Auch auf seine eleganten Anzüge muss er verzichten. Das Verbot,
einen Gurt zu tragen, hätte ein unschickliches Herunterrutschen der
Hosen zur Folge. Stattdessen trägt Milosevic einen Trainingsanzug,
den ihm seine Ehefrau Mira Markovic mitgebracht hat. Der einst
mächtigste Mann Serbiens muss auch nach jeder Mahlzeit sein
Geschirr selbst abwaschen.
Jugoslawische Zeitungen breiten genussvoll die Details des
Gefängnisalltags von «Slobo» aus, der seit etwas mehr als einer
Woche im Belgrader Zentralgefängnis in der Bacvanska Strasse
einsitzt.
So wird der Leserschaft geschildert, wie Milosevic mit Besen und
Scheuertuch seine Zelle reinigen muss. Auch ein elektrischer
Rasierapparat wird dem Politiker nicht zugestanden. Er muss einen
«Bic» verwenden, den ihm die Wachen nach jeder Rasur wieder
wegnehmen.
Sechs Quadratmeter
Milosevic residiert in einem Gefängnistrakt, der inzwischen
«Hyatt» getauft wurde, nach dem besten Hotel der jugoslawischen
Hauptstadt. Der Gebäudeteil war erst vor kurzem renoviert worden
und ist für Funktionäre des alten Regimes bestimmt.
Die Zelle des Ex-Präsidenten misst sechs Quadratmeter. Sie
verfügt über ein Metallbett, zwei Sessel, ein Waschbecken und ein
orientalisches Klo, über dem sich eine Dusche befindet.

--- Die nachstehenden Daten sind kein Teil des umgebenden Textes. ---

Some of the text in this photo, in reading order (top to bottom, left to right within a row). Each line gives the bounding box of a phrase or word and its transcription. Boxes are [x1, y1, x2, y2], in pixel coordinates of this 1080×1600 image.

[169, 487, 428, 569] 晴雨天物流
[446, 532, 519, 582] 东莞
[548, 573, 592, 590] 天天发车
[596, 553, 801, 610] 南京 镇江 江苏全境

Gegenüber seinen Mitgefangenen hat Milosevic jedoch zwei
Privilegien: Es gibt heisses Wasser und einen Lichtschalter im
Inneren der Zelle, den er nach Belieben ein und ausschalten kann.

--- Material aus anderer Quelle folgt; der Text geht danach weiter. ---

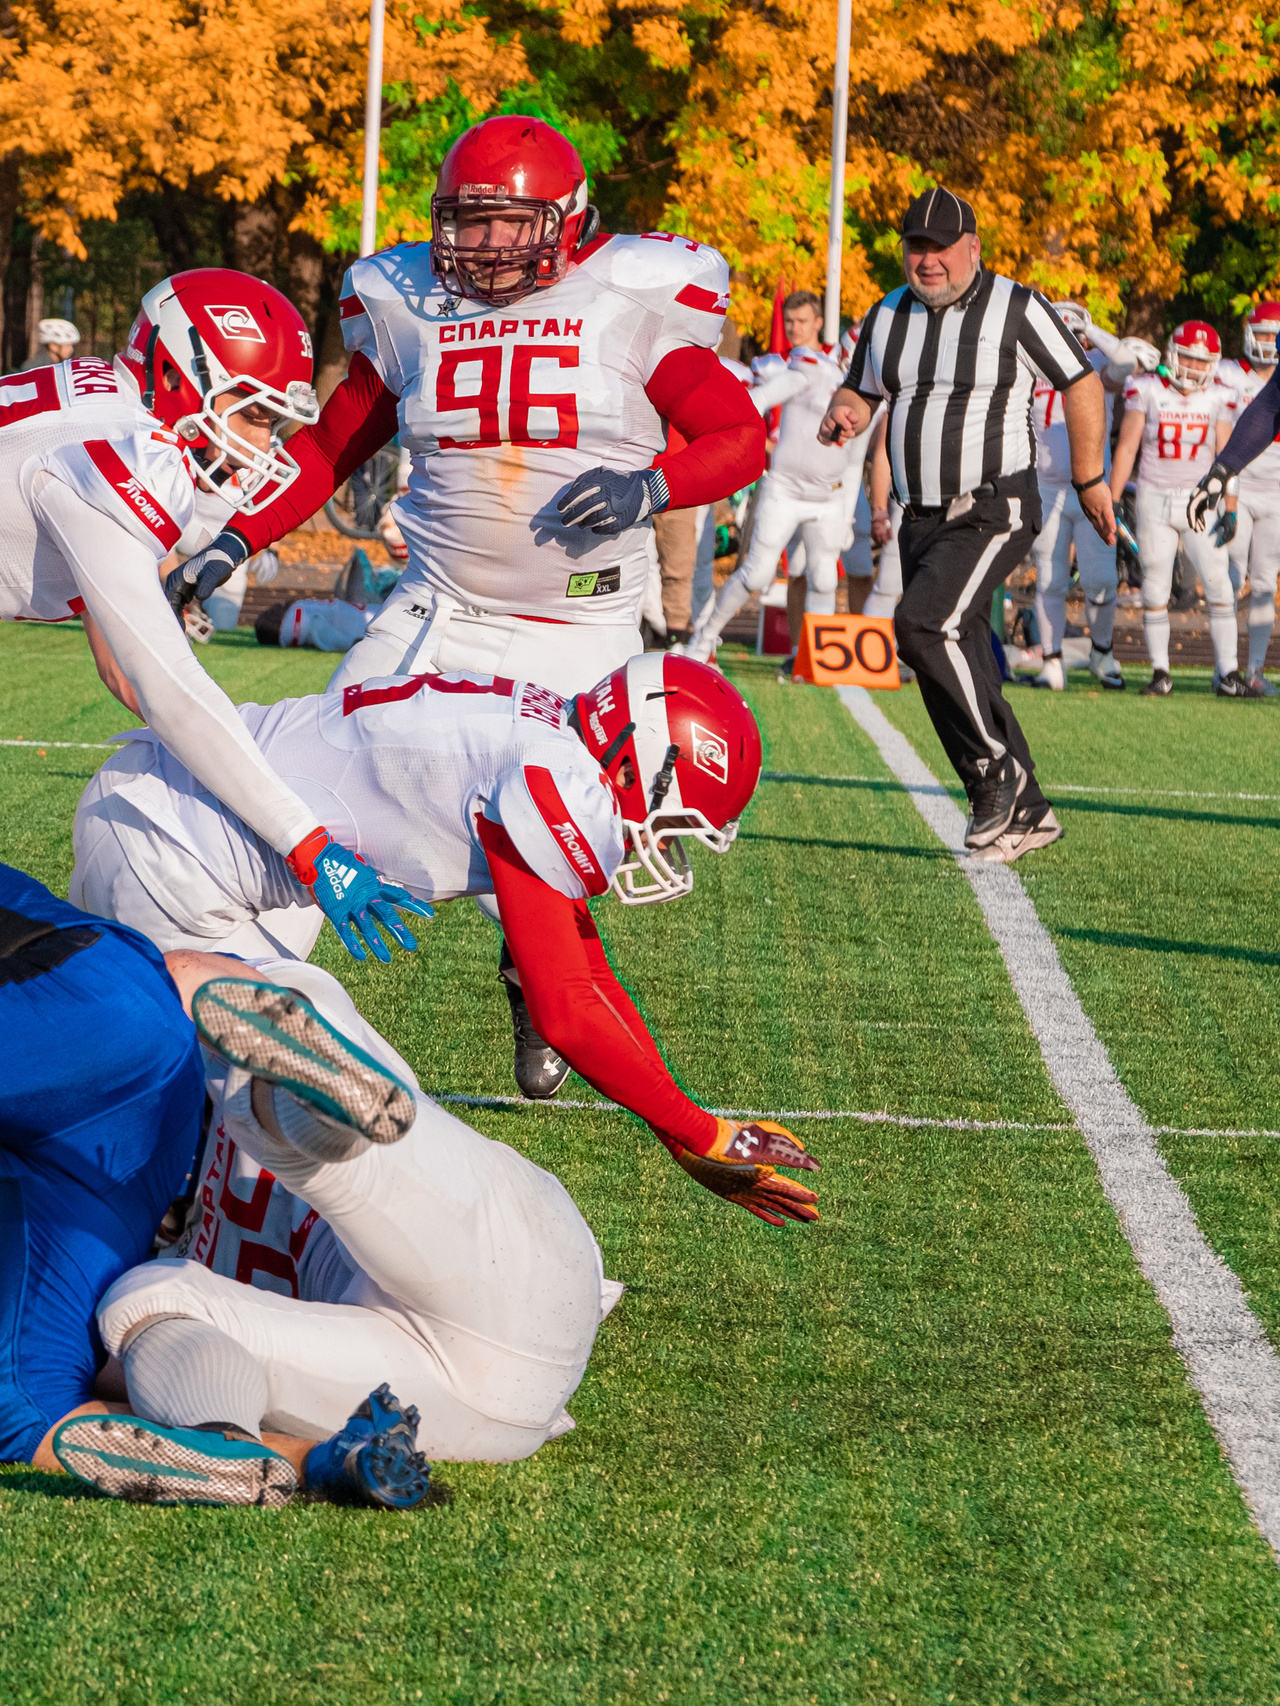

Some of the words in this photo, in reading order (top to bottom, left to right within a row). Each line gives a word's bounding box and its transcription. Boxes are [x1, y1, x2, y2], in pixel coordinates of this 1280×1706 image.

[438, 318, 584, 344] СПАРТАК
[436, 344, 581, 450] 96
[1034, 388, 1067, 430] 7
[1158, 422, 1210, 461] 87
[814, 626, 893, 673] 50
[322, 857, 346, 901] adidas

Tee, Gulasch und Konservenkost
Der Gefangene geht erst spät ins Bett und verschläft häufig sein
Frühstück. Sein Essen wird ihm durch eine Luke in der metallenen
Gefängnistür gereicht.
Am Tag, als Gefängnisdirektor Dragisa Blanusa der Zeitung «Blic»

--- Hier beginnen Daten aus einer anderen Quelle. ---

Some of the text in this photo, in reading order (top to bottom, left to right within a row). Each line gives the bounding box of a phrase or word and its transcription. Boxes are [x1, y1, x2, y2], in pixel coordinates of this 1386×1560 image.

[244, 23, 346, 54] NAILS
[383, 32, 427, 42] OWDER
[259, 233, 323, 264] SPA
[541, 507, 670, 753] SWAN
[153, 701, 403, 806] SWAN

ein Interview gewährte, sah der Speiseplan folgendermassen aus: Tee
und Margarinekuchen zum Frühstück, Gulasch zu Mittag und Schinken
zum Abendessen.
Darüberhinaus kann sich Milosevic auch von Konservenkost
ernähren, die ihm seine Besucher mitbringen. Anschliessend muss er
aber seinen Teller, sein Glas und sein Plastikbesteck selbst
abwaschen.
Die «Katze» ist überall
Ausserhalb der Zelle wird Milosevic auf Schritt und Tritt von
einem ihm zugeteilten Aufseher - Miodrag Savic alias «Macak»
(»Katze») - begleitet. Täglich darf der Ex-Präsident eine halbe
Stunde im Gefängnishof spazieren gehen. Zu dieser Zeit sind die
anderen Gefangenen in ihren Zellen eingesperrt.
Zwei Stunden täglich darf er in einem speziell eingerichteten
Raum seine Besucher empfangen, seine Frau und seinen Anwalt Toma
Fila. Milosevic beschwerte sich den Berichten zufolge darüber, dass
«Macak» ständig diese Treffen überwacht.
In Serbien sind Geschichten aus dem Gefängnis sehr beliebt. In
den Cafés kursieren bereits Witze über «Drina»-Zigaretten, Gulasch,
Napf und Scheuertuch. Und ganz Serbien lacht über die Fotos von
«Mama Mira», die täglich zum Gefängnis pilgert und dabei einen Sack
voll Lebensmittel für «Papa Slobo» dabei hat.